JONES: Oh my gosh, the costumers on the show were so collaborative, making sure that I was extremely comfortable. They picked out everything. I walked in for one of my first fittings and I was like, “I love everything in this closet.” They really hit it out of the park with the fashion, for everybody on the show. In Season 2, I got the opportunity to wear some amazing coats and I was just like, “Thank you, fall and winter in New York.” Our costumers, Claire [Parkinson] and Lily [Parkinson], were phenomenal in being collaborative and making sure that we were all comfortable. They’ve inspired me to add more color to my own personal wardrobe. I was never really a big color person, but now, I’m like, “Gimme that orange coat.” They really inspired me, outside of Skye, to really explore more. The costuming was probably one of the best things about the show. It’s phenomenal to look at what these characters are wearing. It’s a whole fashion show for The Politician characters. They’re very specific and defined, in their fashion, and it lends itself to the character, 100 percent.
Have there been conversations about where these characters could go for a third season? Have you talked about the future of this show?
JONES: I am not privy to that information. I wish I was, but it’s above my pay grade. I sincerely hope that we get a Season 3, and my fingers are crossed on that. I can’t speak to what’s going to happen, but I do think that, as far as the narrative is concerned, I feel like there are places for us to go.
Do you have a personal wishlist of things that you’d still like to learn about Skye?
JONES: I’ve basically had to create a backstory for her, just so that it helps me keep her a little bit more grounded, so I would love to know where she comes from, who her family is, and what makes her so powerful in her voice and not being afraid to use her voice. It took a long time for me to feel comfortable speaking out and using my voice, and I envy Skye for her ability to speak unapologetically about very real things, so I would love to know how she became who she is. That’s the big one for me.
Have you thought about the kinds of roles that you like to play and the types of projects that you’d like to pursue, in the future?

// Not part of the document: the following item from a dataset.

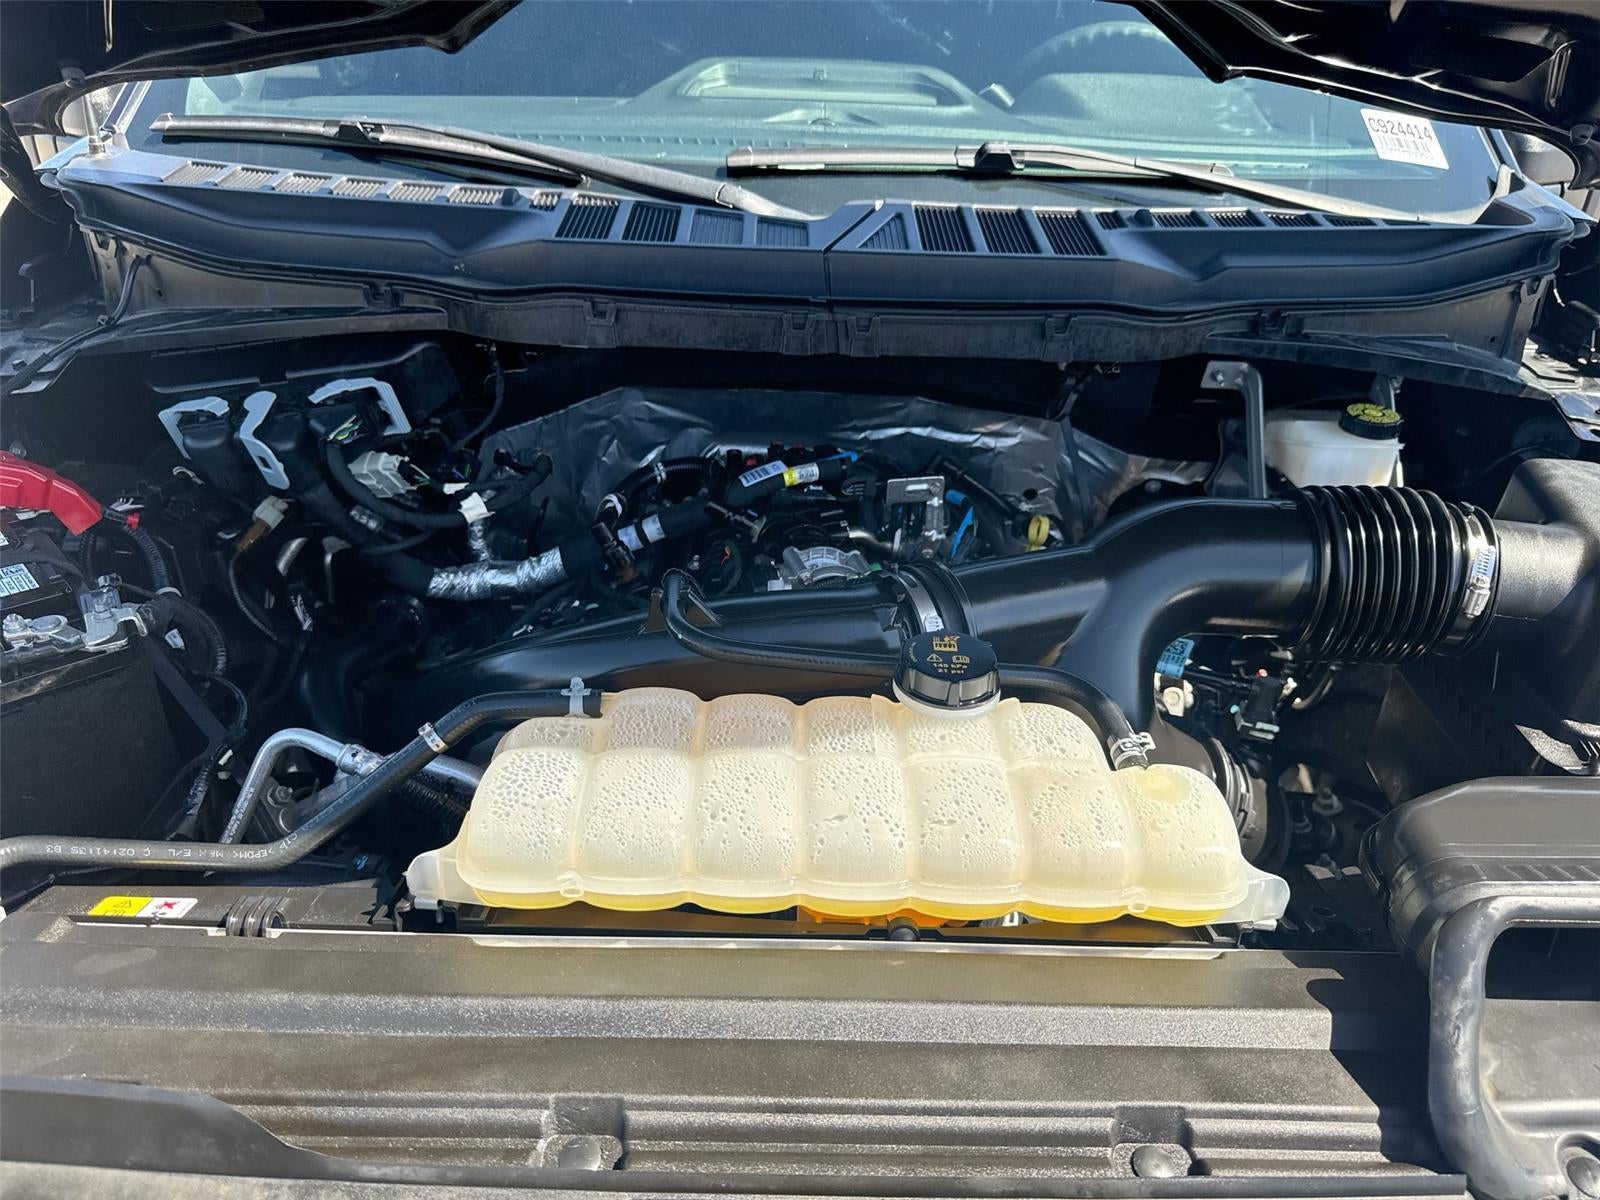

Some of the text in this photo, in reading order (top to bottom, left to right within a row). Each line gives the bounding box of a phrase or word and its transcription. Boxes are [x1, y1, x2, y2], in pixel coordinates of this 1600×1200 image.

JONES: Oh, my goodness, I really want to do a horror film and be chased by a crazy person. I would love to be a superhero, but I’ve gotta hit the gym for that. I’d love to tap into animation. I would also like to be a creator. I would love to tell varying stories and stories that don’t center on white people, to be completely frank. There are so many different people in this world, and so many stories that haven’t been told and should be told, and I would like to be a part of that narrative, for sure.
Have you also been thinking about what it would take for you to feel safe returning to a set and getting back to work, especially with our new reality, post-COVID and with everything else going on in the world?
JONES: As far as all of the issues are concerned, coming back to work and just ensuring that the safety of everybody involved with productions is a top priority. That’s number one. And two, as far as going back into a workplace that is post-uprising or during uprising, I just want to make sure that people are listening and continue to listen, and are still having tough conversations. I want to make sure that when I go on set, on any set, that I feel wholly comfortable speaking my mind and speaking my truth, whether that be something that I’m happy about or something that has made me upset. I don’t want to ever feel that I can’t speak up, for fear of retribution, on any set. I hope that this movement really changes various industries, and not just Hollywood, but everywhere. It’s going to be an interesting reopening, so to speak, as far as COVID and as far as dealing with issues of racial injustice. I think that people are finally waking up, and it’s long overdue.
The Politician Season 2 is available to stream at Netflix.